Copy each line of the data below exactly, leaving out pictures.

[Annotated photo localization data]
○ ○ ○ ○ ○
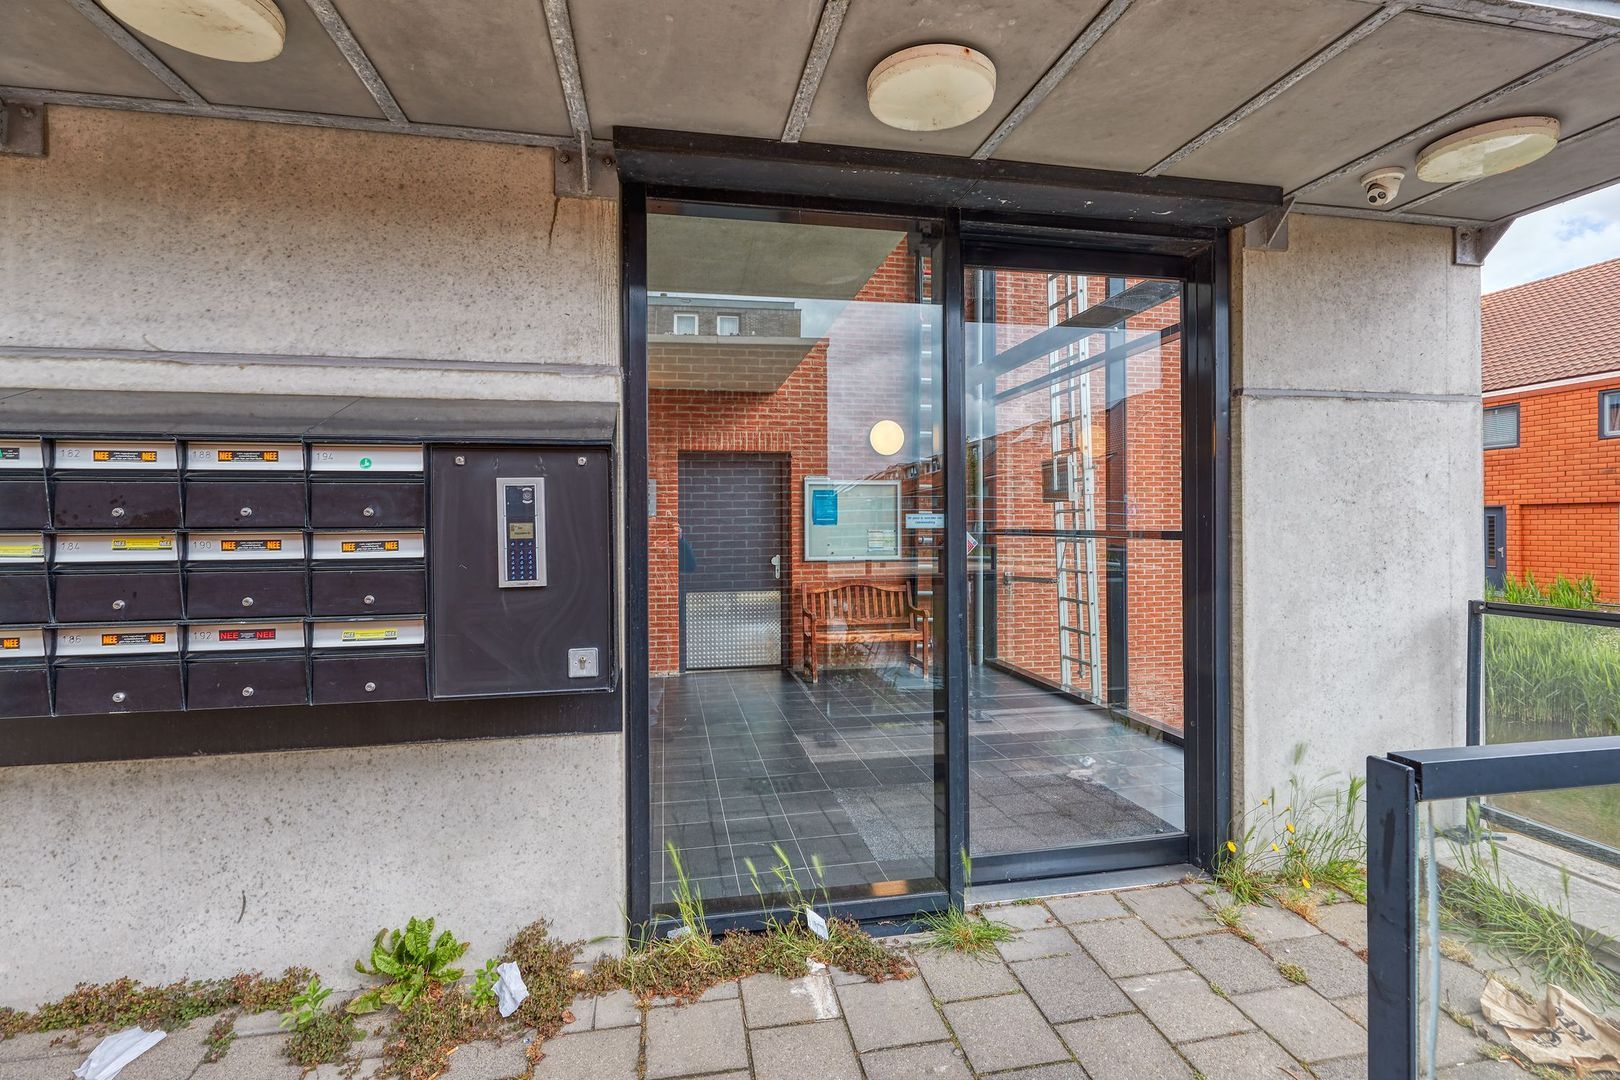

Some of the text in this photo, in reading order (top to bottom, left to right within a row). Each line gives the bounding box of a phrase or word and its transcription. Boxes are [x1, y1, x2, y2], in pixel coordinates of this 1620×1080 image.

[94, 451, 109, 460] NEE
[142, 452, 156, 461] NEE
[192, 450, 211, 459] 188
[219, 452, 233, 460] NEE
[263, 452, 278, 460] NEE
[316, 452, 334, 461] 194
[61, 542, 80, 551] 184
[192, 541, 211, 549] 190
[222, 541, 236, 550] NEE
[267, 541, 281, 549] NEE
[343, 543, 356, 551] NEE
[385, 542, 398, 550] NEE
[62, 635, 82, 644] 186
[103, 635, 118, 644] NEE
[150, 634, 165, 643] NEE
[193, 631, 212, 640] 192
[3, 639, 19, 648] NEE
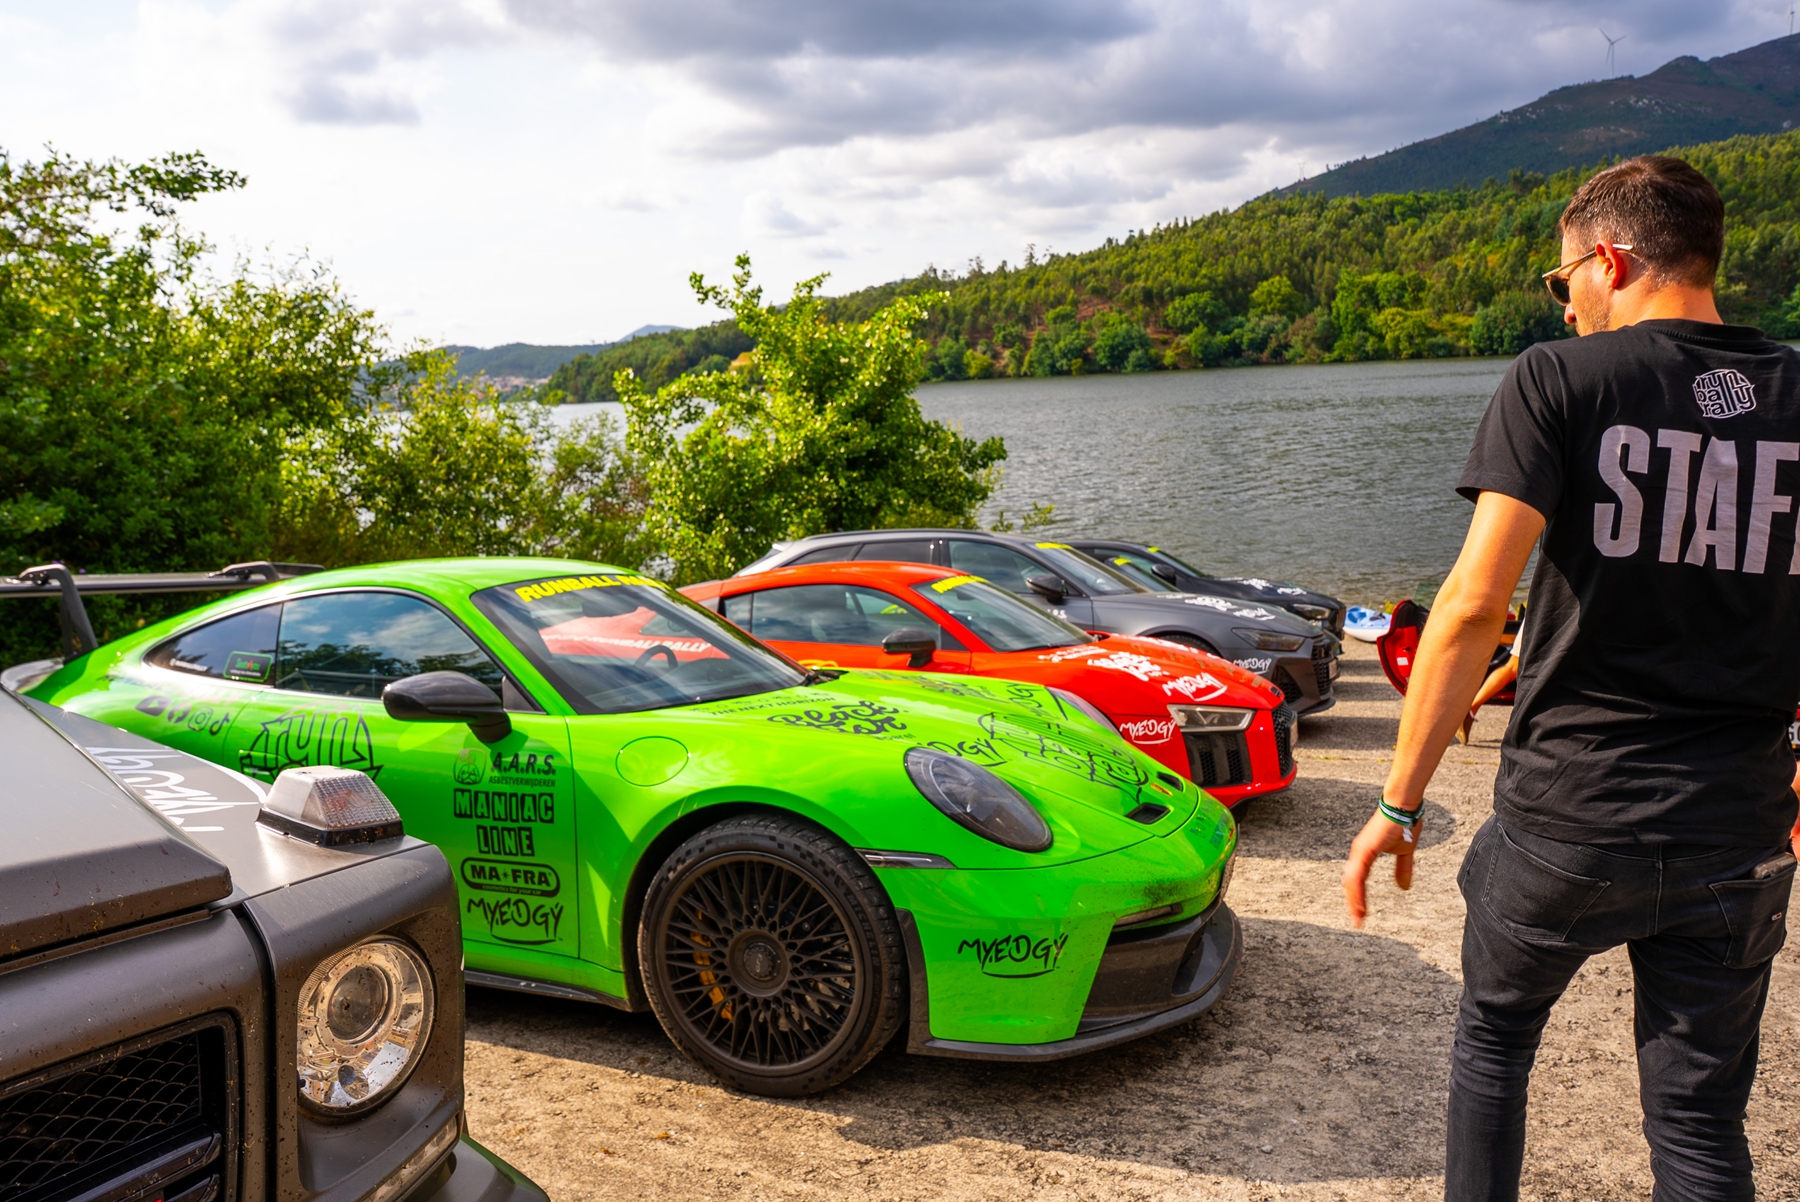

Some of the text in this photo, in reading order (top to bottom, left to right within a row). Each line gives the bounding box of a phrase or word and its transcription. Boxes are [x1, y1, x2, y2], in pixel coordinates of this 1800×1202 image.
○ ○ ○ ○ ○
*Result of this exercise*.
Some of the text in this photo, in reading order (top to bottom, left to right within a row). Each line gives the bounding box of a phrase or word and its transcription. Boxes are [x1, y1, x2, y2], in pixel coordinates of this 1620×1080 image.

[94, 451, 109, 460] NEE
[142, 452, 156, 461] NEE
[192, 450, 211, 459] 188
[219, 452, 233, 460] NEE
[263, 452, 278, 460] NEE
[316, 452, 334, 461] 194
[61, 542, 80, 551] 184
[192, 541, 211, 549] 190
[222, 541, 236, 550] NEE
[267, 541, 281, 549] NEE
[343, 543, 356, 551] NEE
[385, 542, 398, 550] NEE
[62, 635, 82, 644] 186
[103, 635, 118, 644] NEE
[150, 634, 165, 643] NEE
[193, 631, 212, 640] 192
[3, 639, 19, 648] NEE

Some of the text in this photo, in reading order (top to bottom, left to right within a row). Each line gives the bounding box of a phrase or word and its transcription. Boxes are [x1, y1, x2, y2], in pixel coordinates of this 1800×1202 image.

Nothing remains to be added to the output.